• PROBLEM DESCRIPTION: Every record that follows must be duplicated exactly, with images left out.

MATERIAL PROVIDED: Begin

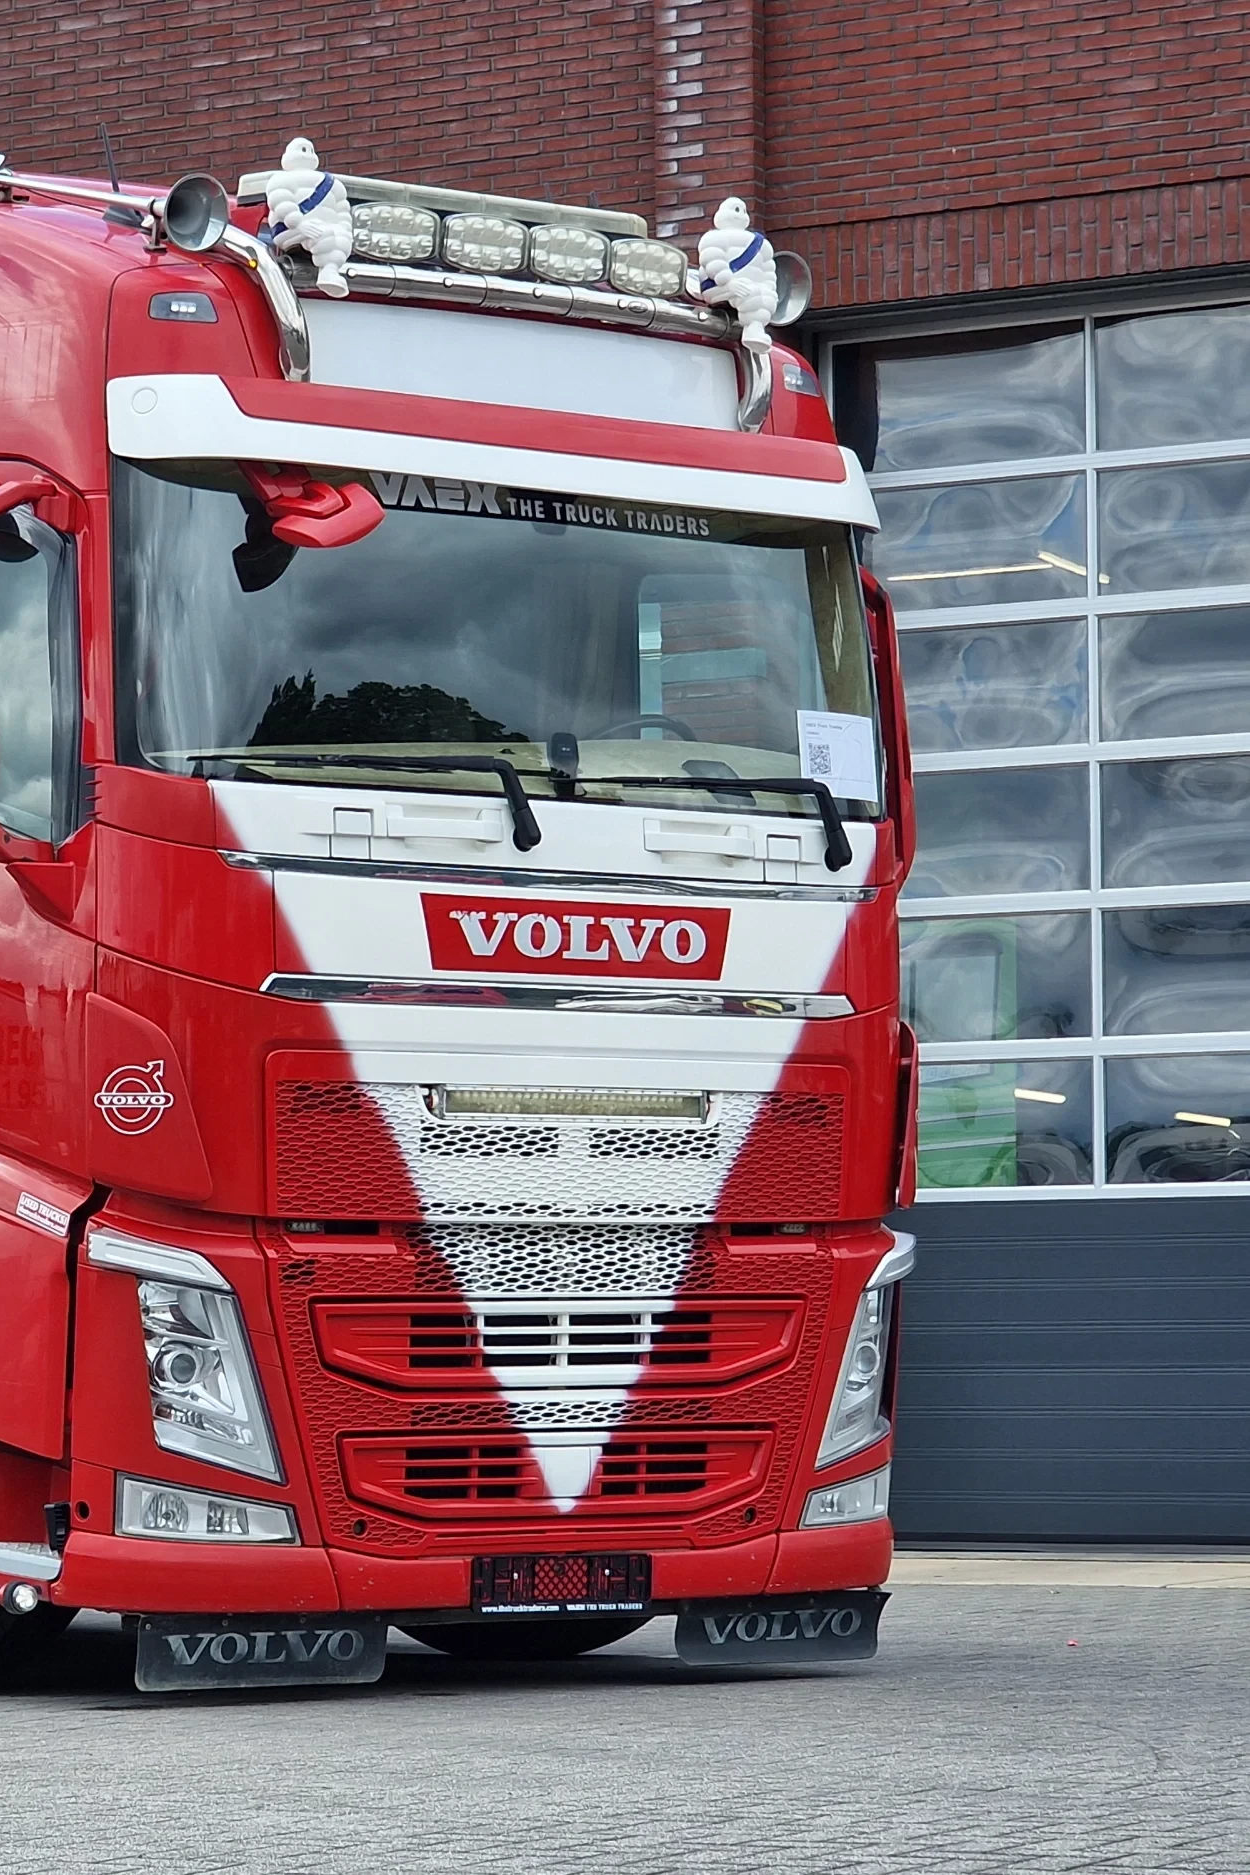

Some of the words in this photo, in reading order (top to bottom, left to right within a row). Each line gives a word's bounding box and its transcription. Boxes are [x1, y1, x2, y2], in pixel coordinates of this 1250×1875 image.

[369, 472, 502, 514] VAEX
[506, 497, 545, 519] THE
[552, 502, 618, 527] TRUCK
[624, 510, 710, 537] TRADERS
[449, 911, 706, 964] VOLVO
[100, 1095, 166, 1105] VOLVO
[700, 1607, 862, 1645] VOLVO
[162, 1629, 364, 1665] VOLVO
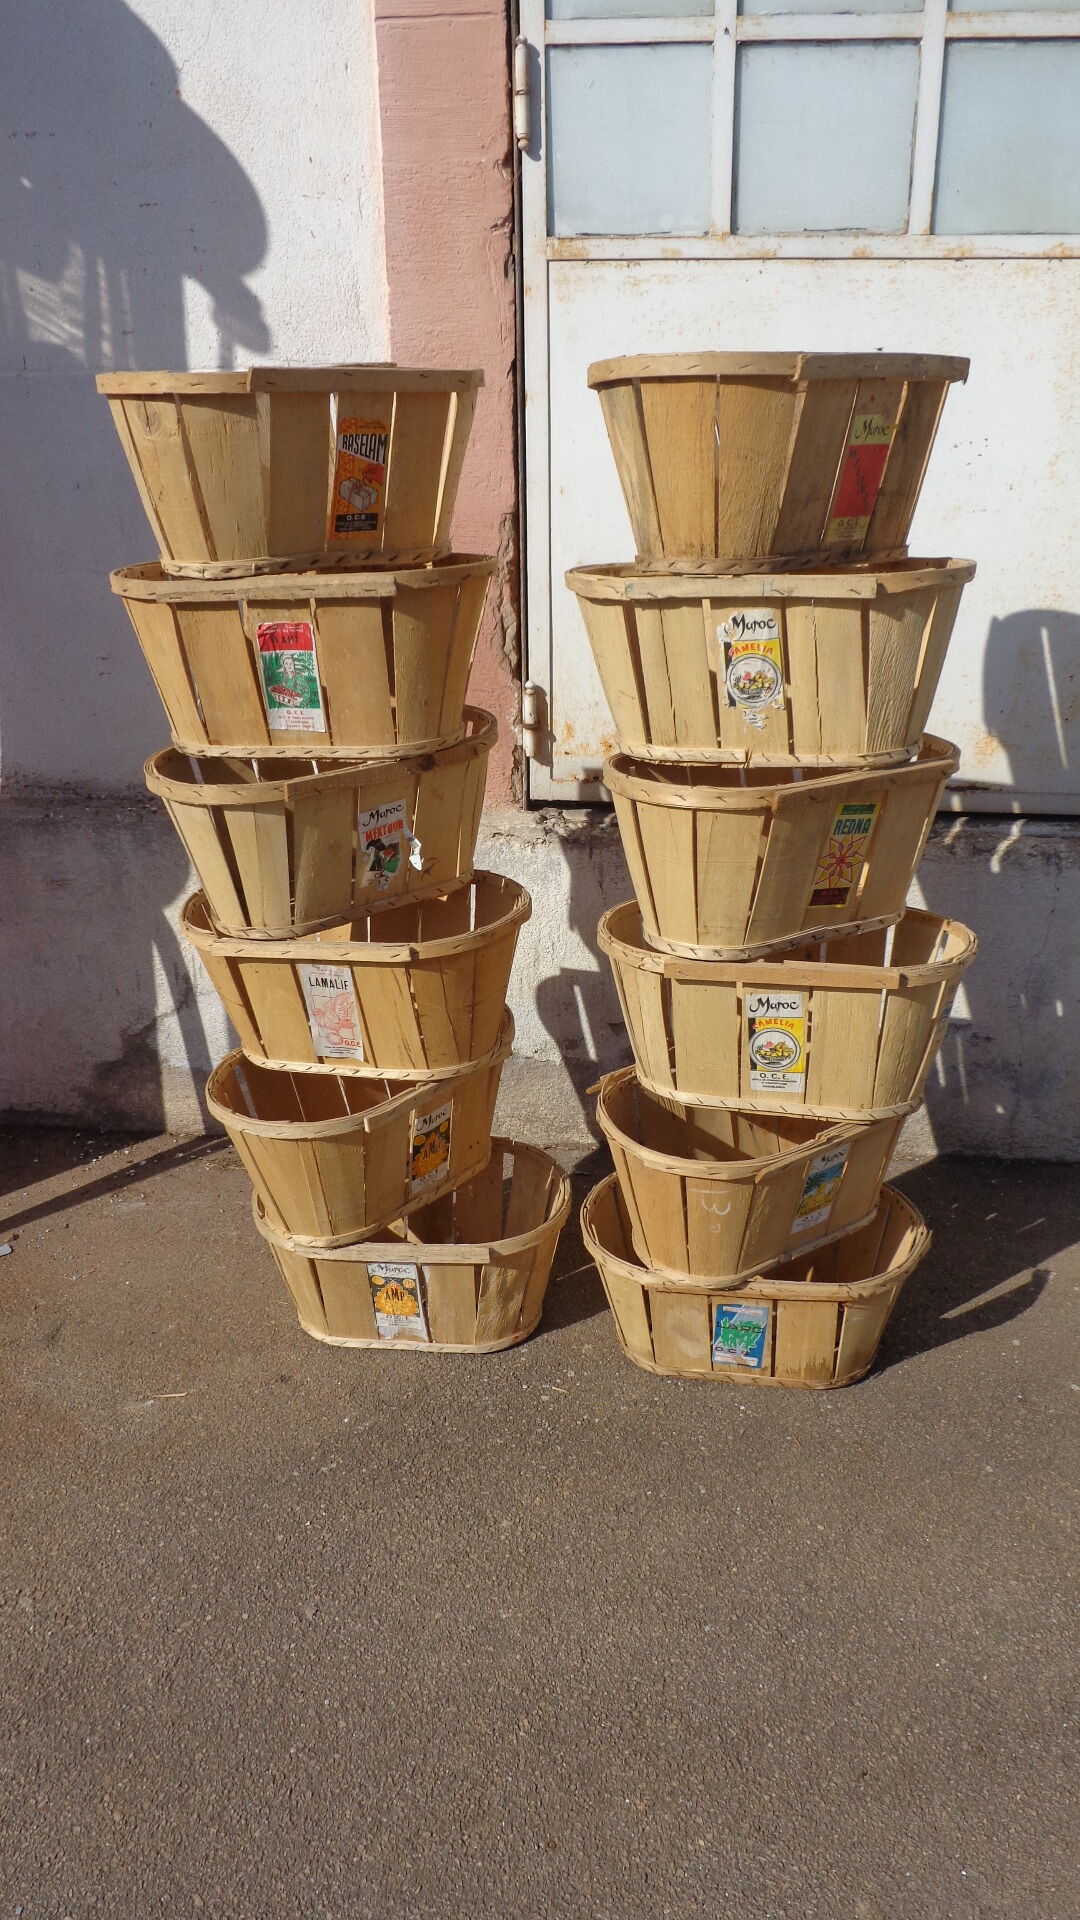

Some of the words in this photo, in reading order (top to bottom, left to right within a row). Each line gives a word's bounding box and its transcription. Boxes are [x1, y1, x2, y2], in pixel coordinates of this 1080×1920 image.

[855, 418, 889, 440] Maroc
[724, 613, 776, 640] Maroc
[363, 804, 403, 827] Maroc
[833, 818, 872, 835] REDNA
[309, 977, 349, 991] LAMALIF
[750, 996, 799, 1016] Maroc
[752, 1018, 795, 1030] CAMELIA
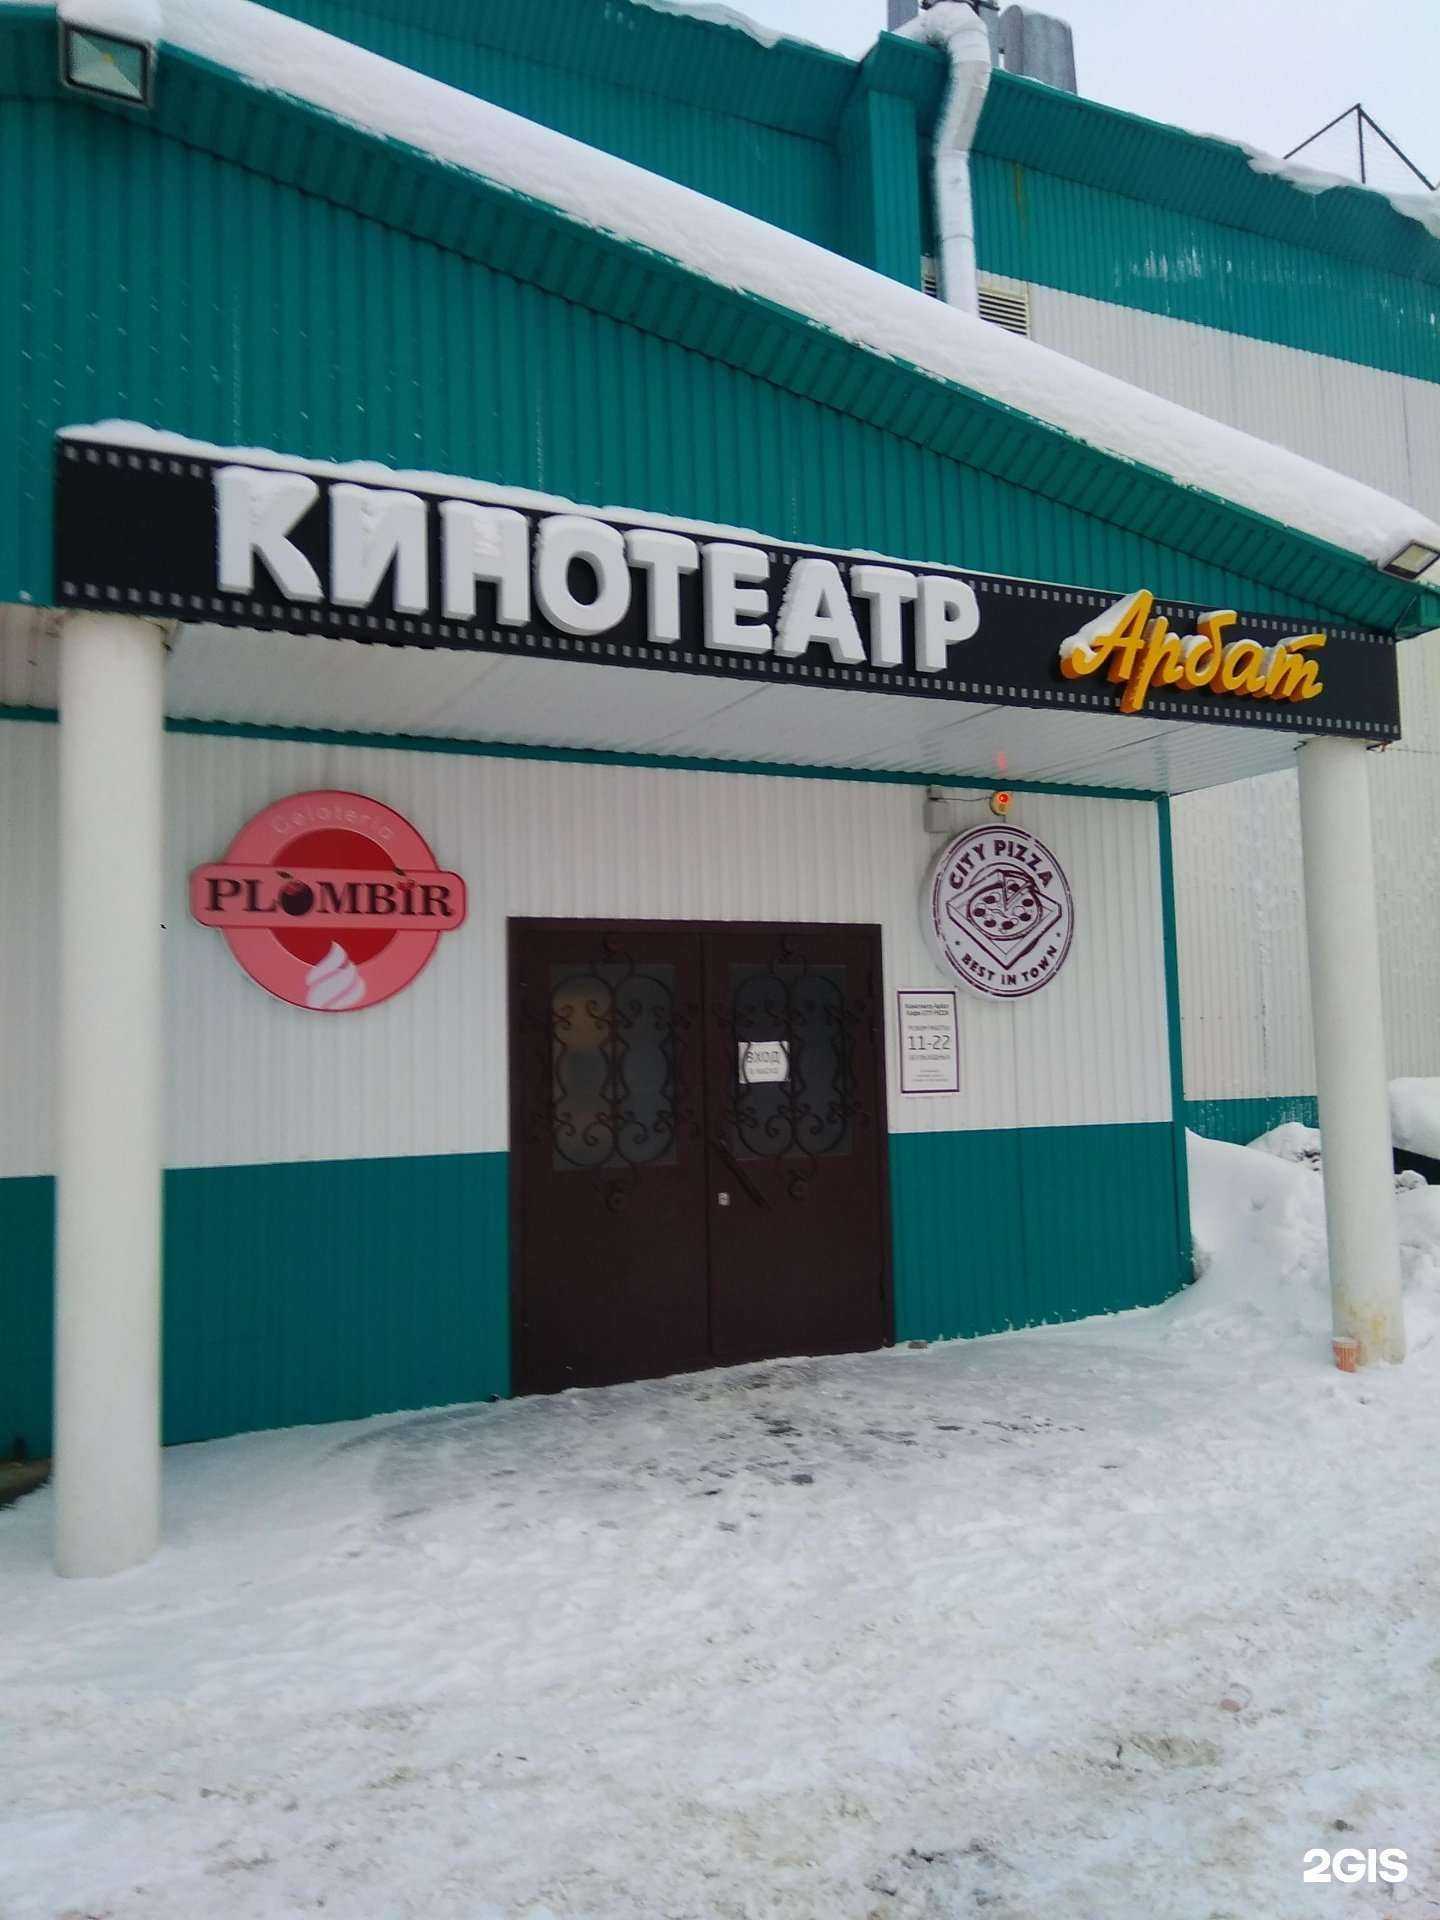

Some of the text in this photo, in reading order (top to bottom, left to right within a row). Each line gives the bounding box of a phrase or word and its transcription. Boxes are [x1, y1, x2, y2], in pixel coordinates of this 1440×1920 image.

MATERIAL PROVIDED: End

• WRITTEN RESPONSE:
Some of the words in this photo, in reading order (top to bottom, left to right within a row). Each line gives a word's bounding box and its transcription. Boxes are [x1, y1, x2, y2], in pixel coordinates of this 1250×1875 image.

[369, 472, 502, 514] VAEX
[506, 497, 545, 519] THE
[552, 502, 618, 527] TRUCK
[624, 510, 710, 537] TRADERS
[449, 911, 706, 964] VOLVO
[100, 1095, 166, 1105] VOLVO
[700, 1607, 862, 1645] VOLVO
[162, 1629, 364, 1665] VOLVO

Some of the words in this photo, in reading order (top to bottom, left to right within a row). Each line gives a word's bounding box and its transcription. Boxes are [x1, y1, x2, y2], in pixel coordinates of this 1080×1920 image.

[855, 418, 889, 440] Maroc
[724, 613, 776, 640] Maroc
[363, 804, 403, 827] Maroc
[833, 818, 872, 835] REDNA
[309, 977, 349, 991] LAMALIF
[750, 996, 799, 1016] Maroc
[752, 1018, 795, 1030] CAMELIA

Some of the text in this photo, in reading order (top to bottom, left to right within a row). Each line gives the bounding box of a phrase or word and its transcription. Boxes are [x1, y1, x2, y2], in pixel coordinates of this 1440×1920 image.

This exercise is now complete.